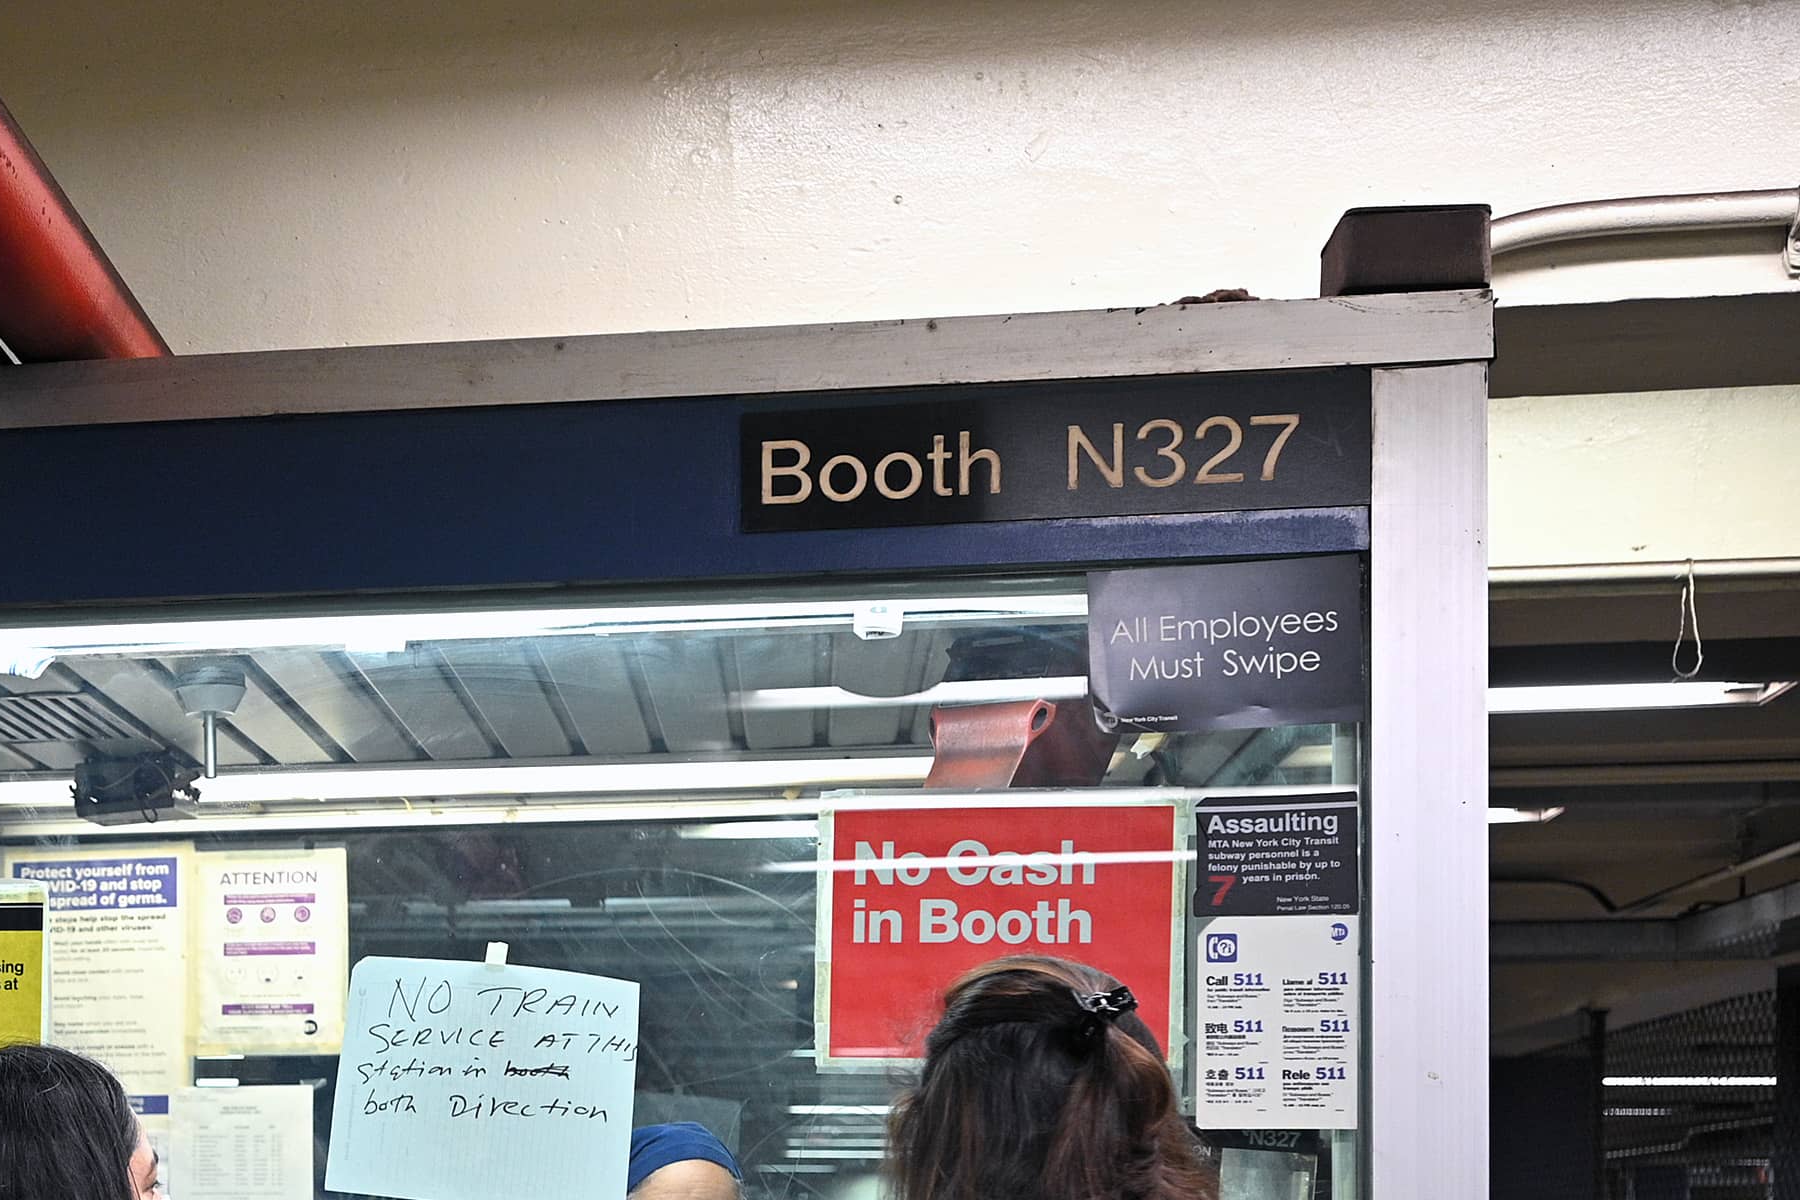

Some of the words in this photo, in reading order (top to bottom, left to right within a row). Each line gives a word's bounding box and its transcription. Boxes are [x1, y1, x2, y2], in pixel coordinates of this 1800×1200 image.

[761, 430, 1001, 505] Booth
[1067, 413, 1301, 491] N327
[1110, 616, 1148, 646] All
[1159, 610, 1338, 646] Employees
[1129, 651, 1205, 681] Must
[1222, 646, 1321, 679] Swipe
[1207, 811, 1338, 836] Assaulting
[1207, 839, 1230, 849] MTA
[1231, 839, 1254, 848] New
[1255, 838, 1279, 847] York
[1280, 838, 1301, 849] City
[1303, 836, 1339, 846] Transit
[853, 840, 931, 887] No
[946, 838, 1095, 887] Cash
[1207, 851, 1246, 862] subway
[1248, 849, 1299, 861] personnel
[1301, 849, 1312, 857] is
[20, 866, 73, 880] Protect
[75, 864, 133, 880] yourself
[134, 863, 170, 876] from
[1207, 863, 1239, 873] felony
[1241, 860, 1297, 872] punishable
[1299, 860, 1311, 872] by
[1314, 861, 1328, 870] up
[1330, 860, 1341, 868] to
[49, 880, 98, 893] VID-19
[99, 879, 128, 892] and
[130, 878, 162, 892] stop
[220, 872, 317, 885] ATTENTION
[1207, 875, 1237, 907] 7
[1242, 874, 1270, 885] years
[1272, 872, 1283, 882] in
[1284, 872, 1321, 884] prison.
[50, 894, 98, 909] spread
[99, 893, 116, 906] of
[117, 893, 168, 908] germs.
[853, 898, 903, 944] in
[919, 898, 1092, 945] Booth
[3, 977, 18, 990] at
[1205, 975, 1229, 986] Call
[1233, 972, 1264, 986] 511
[1318, 971, 1349, 985] 511
[388, 976, 452, 1022] NO
[477, 987, 619, 1019] TRAIN
[1233, 1020, 1264, 1033] 511
[1320, 1019, 1351, 1033] 511
[368, 1022, 505, 1054] SERVICE
[533, 1032, 580, 1050] AT
[357, 1058, 452, 1085] station
[462, 1056, 487, 1079] in
[1234, 1067, 1265, 1080] 511
[1282, 1069, 1311, 1080] Rele
[1315, 1067, 1347, 1080] 511
[364, 1088, 417, 1115] both
[450, 1094, 608, 1123] Direction
[1248, 1130, 1301, 1148] N327
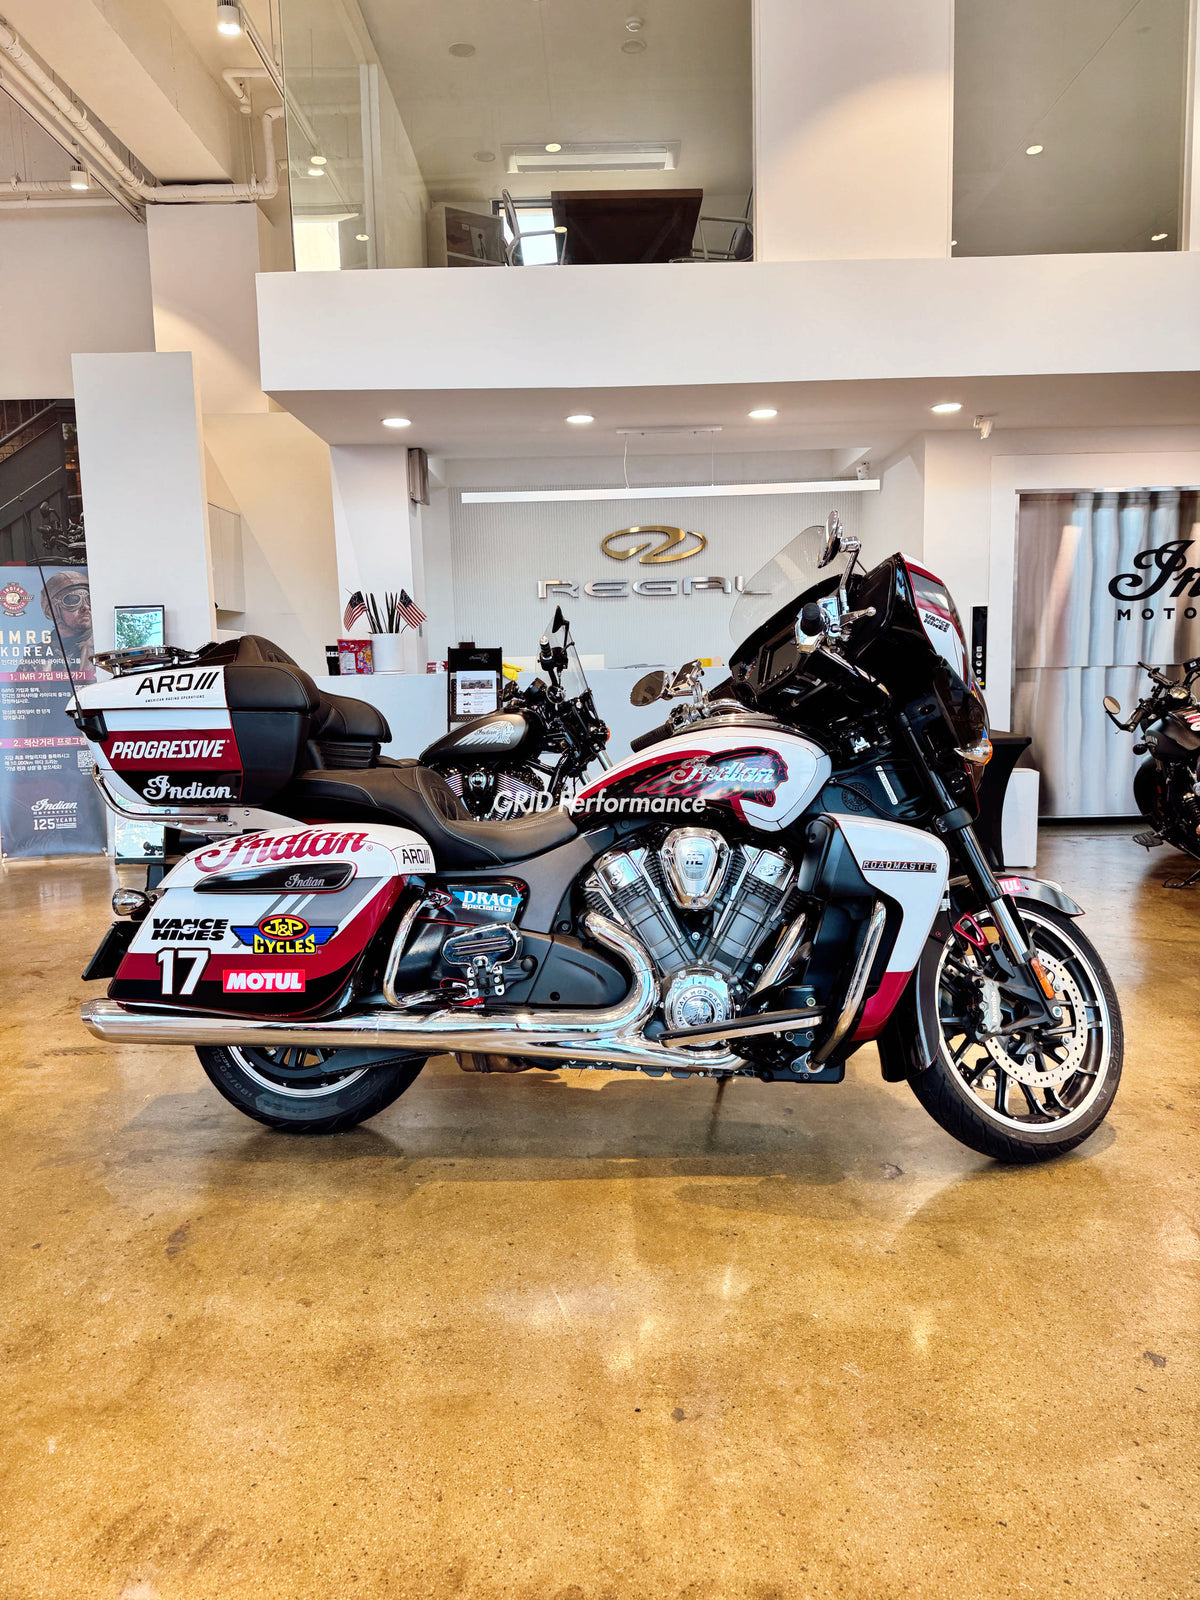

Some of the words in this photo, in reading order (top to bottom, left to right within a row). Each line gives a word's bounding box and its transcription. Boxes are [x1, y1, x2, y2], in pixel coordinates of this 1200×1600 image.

### [Prompt]
Print the entries above exactly, taking out only the pictures.

### [Exercise answer]
Some of the words in this photo, in reading order (top to bottom, left to right within a row). Each line gives a word's bounding box and its transcription. Boxes are [x1, y1, x2, y2], in pixel coordinates of this 1800×1200 image.

[761, 430, 1001, 505] Booth
[1067, 413, 1301, 491] N327
[1110, 616, 1148, 646] All
[1159, 610, 1338, 646] Employees
[1129, 651, 1205, 681] Must
[1222, 646, 1321, 679] Swipe
[1207, 811, 1338, 836] Assaulting
[1207, 839, 1230, 849] MTA
[1231, 839, 1254, 848] New
[1255, 838, 1279, 847] York
[1280, 838, 1301, 849] City
[1303, 836, 1339, 846] Transit
[853, 840, 931, 887] No
[946, 838, 1095, 887] Cash
[1207, 851, 1246, 862] subway
[1248, 849, 1299, 861] personnel
[1301, 849, 1312, 857] is
[20, 866, 73, 880] Protect
[75, 864, 133, 880] yourself
[134, 863, 170, 876] from
[1207, 863, 1239, 873] felony
[1241, 860, 1297, 872] punishable
[1299, 860, 1311, 872] by
[1314, 861, 1328, 870] up
[1330, 860, 1341, 868] to
[49, 880, 98, 893] VID-19
[99, 879, 128, 892] and
[130, 878, 162, 892] stop
[220, 872, 317, 885] ATTENTION
[1207, 875, 1237, 907] 7
[1242, 874, 1270, 885] years
[1272, 872, 1283, 882] in
[1284, 872, 1321, 884] prison.
[50, 894, 98, 909] spread
[99, 893, 116, 906] of
[117, 893, 168, 908] germs.
[853, 898, 903, 944] in
[919, 898, 1092, 945] Booth
[3, 977, 18, 990] at
[1205, 975, 1229, 986] Call
[1233, 972, 1264, 986] 511
[1318, 971, 1349, 985] 511
[388, 976, 452, 1022] NO
[477, 987, 619, 1019] TRAIN
[1233, 1020, 1264, 1033] 511
[1320, 1019, 1351, 1033] 511
[368, 1022, 505, 1054] SERVICE
[533, 1032, 580, 1050] AT
[357, 1058, 452, 1085] station
[462, 1056, 487, 1079] in
[1234, 1067, 1265, 1080] 511
[1282, 1069, 1311, 1080] Rele
[1315, 1067, 1347, 1080] 511
[364, 1088, 417, 1115] both
[450, 1094, 608, 1123] Direction
[1248, 1130, 1301, 1148] N327

Some of the words in this photo, in reading order (top to bottom, left to right within a row). Each line gives a word's bounding box and its transcription. Boxes are [x1, y1, x2, y2], in pixel coordinates of this 1200×1600 image.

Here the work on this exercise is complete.